§ **WHAT IS EXPECTED**: Without the pictures, print each of the records below exactly as it appears.

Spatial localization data
[Start of section]

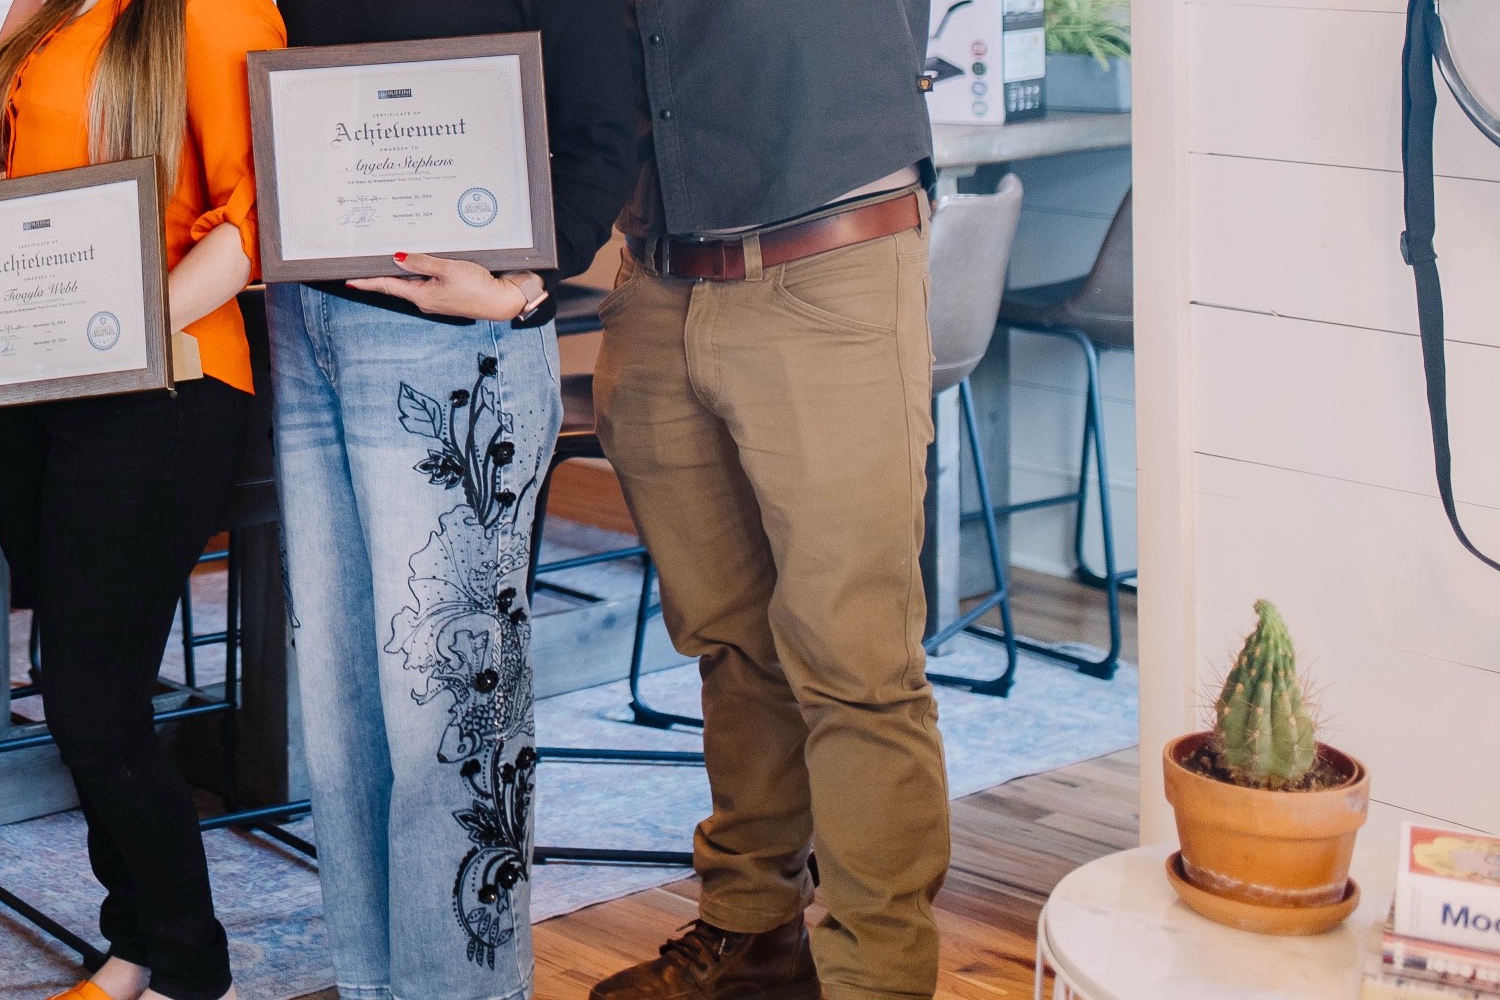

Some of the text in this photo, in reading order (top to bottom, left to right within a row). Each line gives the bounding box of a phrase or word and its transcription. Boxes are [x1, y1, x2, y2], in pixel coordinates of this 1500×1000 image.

[330, 118, 466, 148] Achievement
[345, 155, 454, 175] Angela Stephens
[3, 285, 44, 303] Twayla
[47, 280, 78, 295] Webb
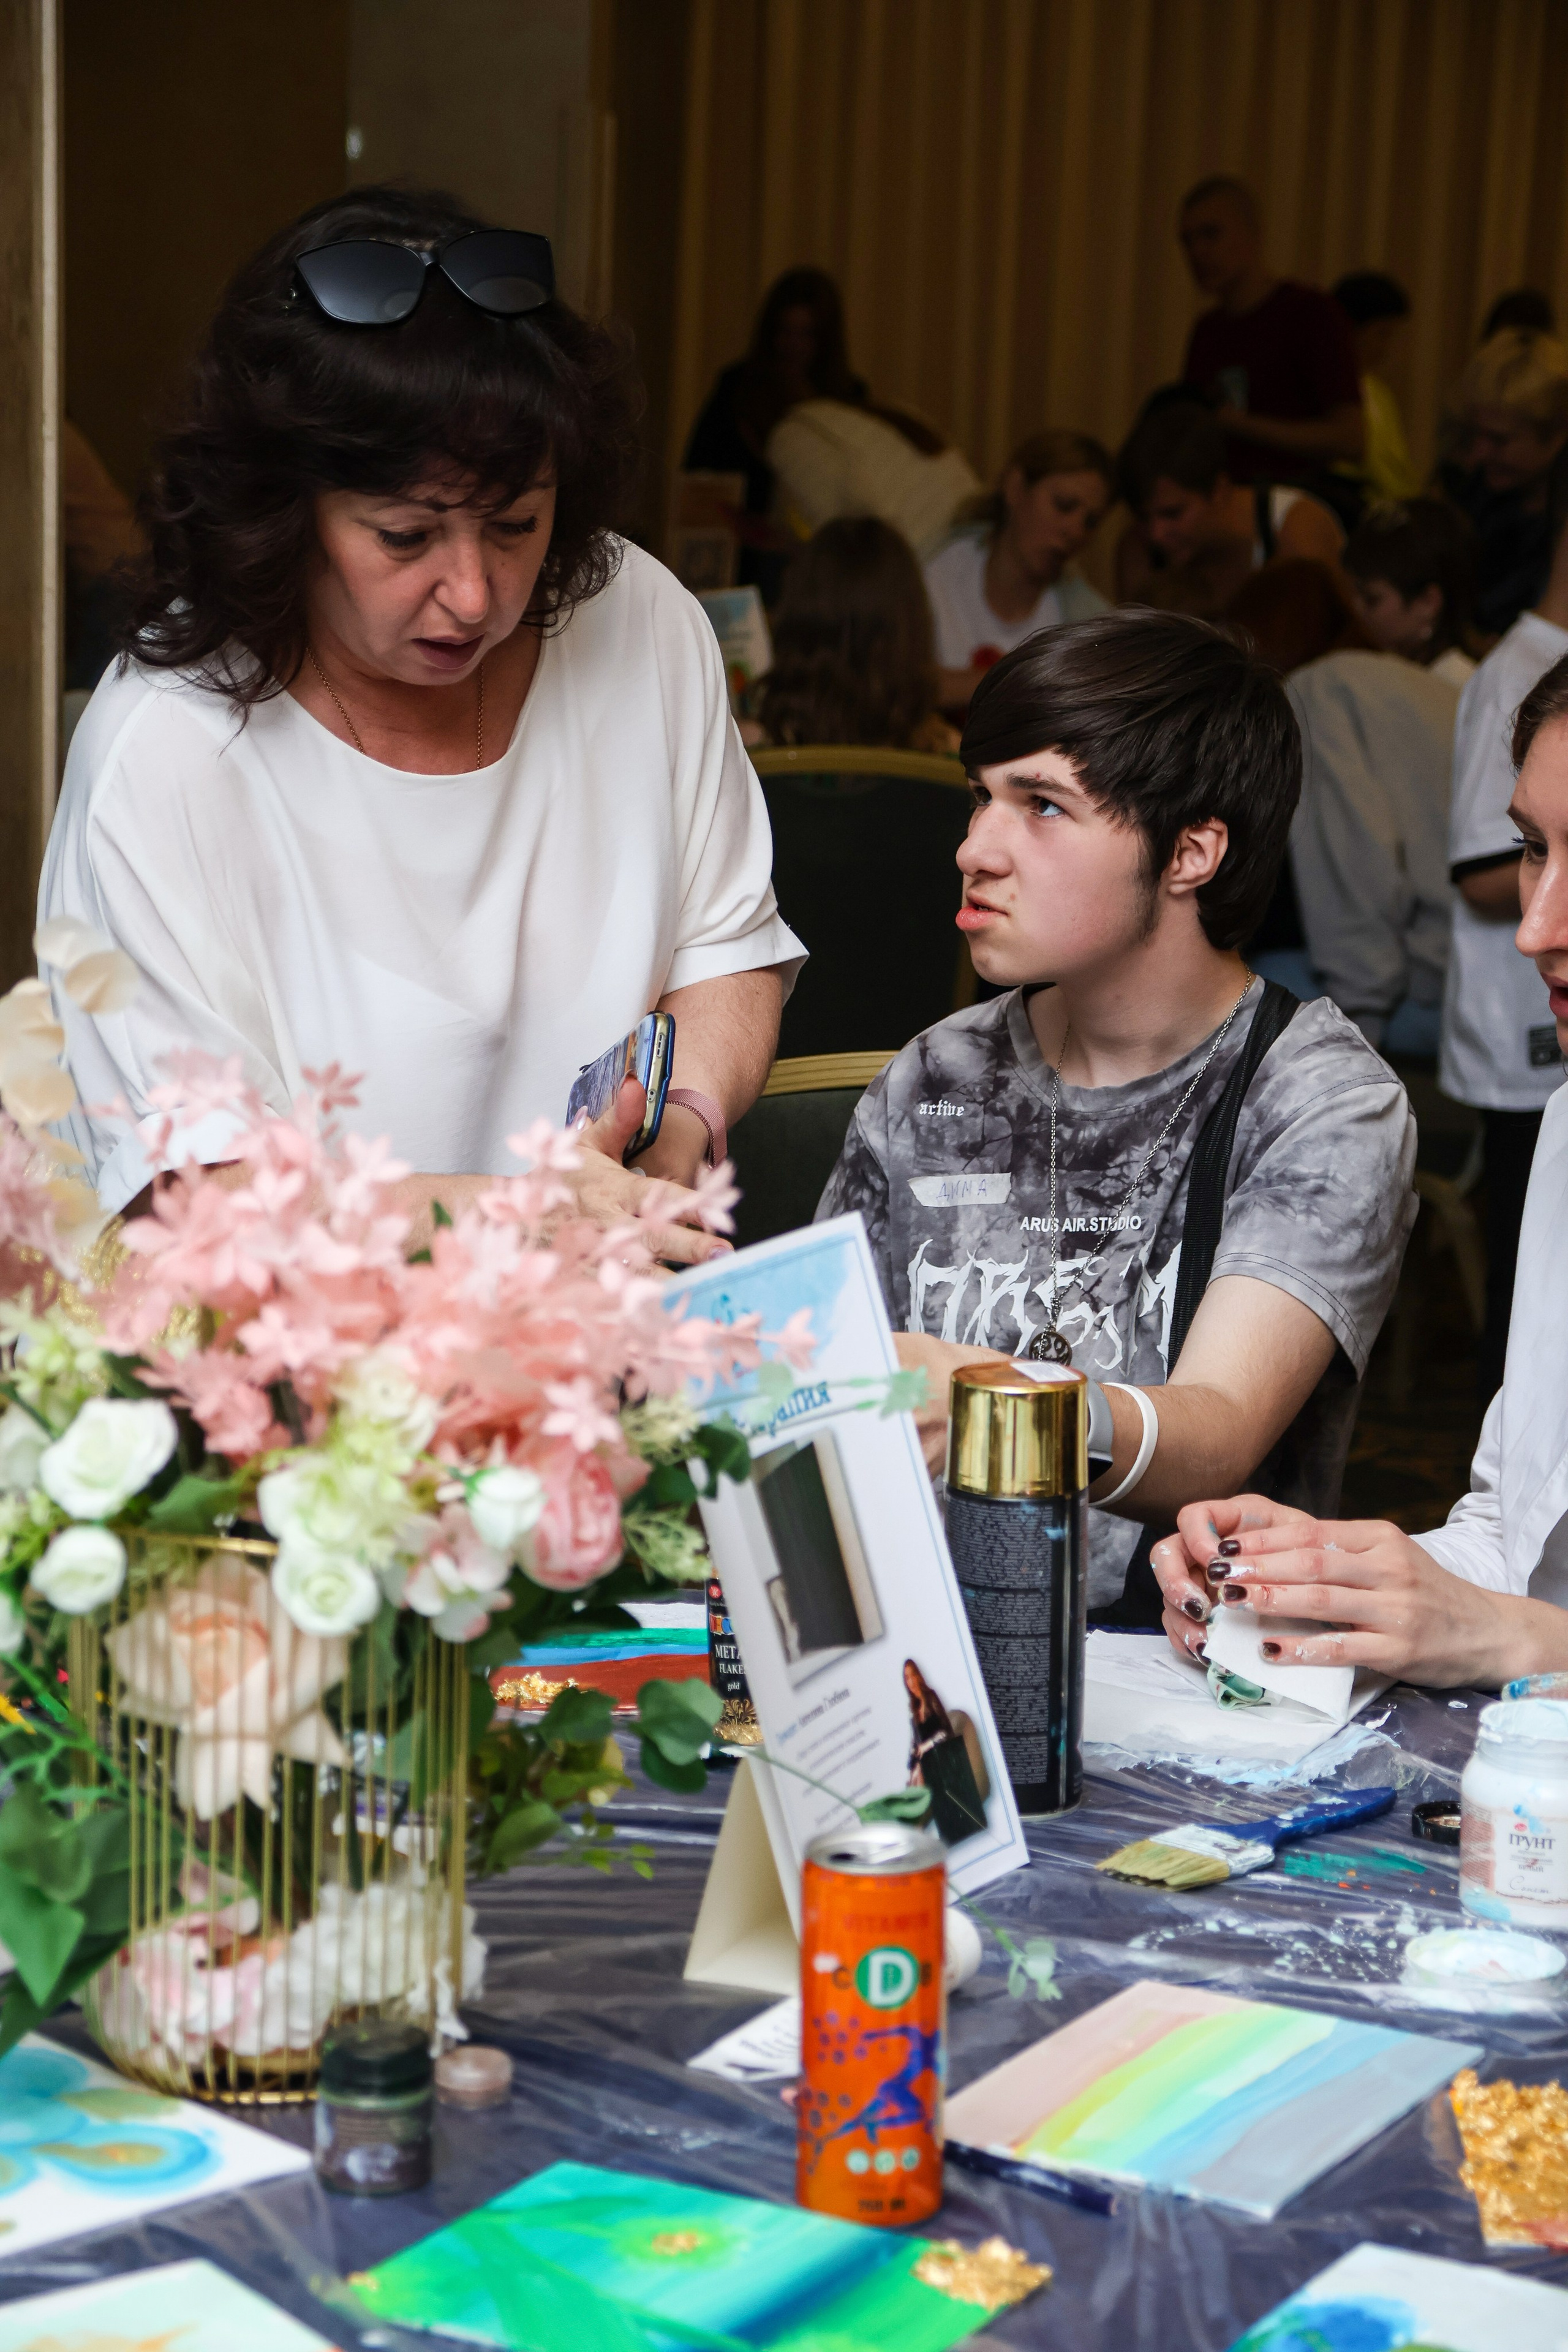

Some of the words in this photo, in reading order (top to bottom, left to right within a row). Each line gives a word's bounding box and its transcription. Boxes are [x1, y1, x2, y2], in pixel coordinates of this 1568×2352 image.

[919, 1099, 965, 1117] active
[937, 1178, 987, 1202] ДИМА
[1019, 1216, 1060, 1232] ARUS
[1061, 1215, 1142, 1232] AIR.STUDIO
[715, 1644, 742, 1660] MET
[719, 1664, 747, 1675] FLAKE
[727, 1682, 740, 1692] gold
[1509, 1833, 1556, 1850] ГРУНТ

[End of section]

§ **ANSWER TO THIS PROBLEM**:
Some of the text in this photo, in reading order (top to bottom, left to right within a row). Each line gives the bounding box of a phrase or word and its transcription. Boxes are [x1, y1, x2, y2], in pixel coordinates of this 1500×1000 image.

[330, 118, 466, 148] Achievement
[345, 155, 454, 175] Angela Stephens
[3, 285, 44, 303] Twayla
[47, 280, 78, 295] Webb

Some of the words in this photo, in reading order (top to bottom, left to right within a row). Each line gives a word's bounding box and its transcription. Boxes are [x1, y1, x2, y2], in pixel coordinates of this 1568×2352 image.

[919, 1099, 965, 1117] active
[937, 1178, 987, 1202] ДИМА
[1019, 1216, 1060, 1232] ARUS
[1061, 1215, 1142, 1232] AIR.STUDIO
[715, 1644, 742, 1660] MET
[719, 1664, 747, 1675] FLAKE
[727, 1682, 740, 1692] gold
[1509, 1833, 1556, 1850] ГРУНТ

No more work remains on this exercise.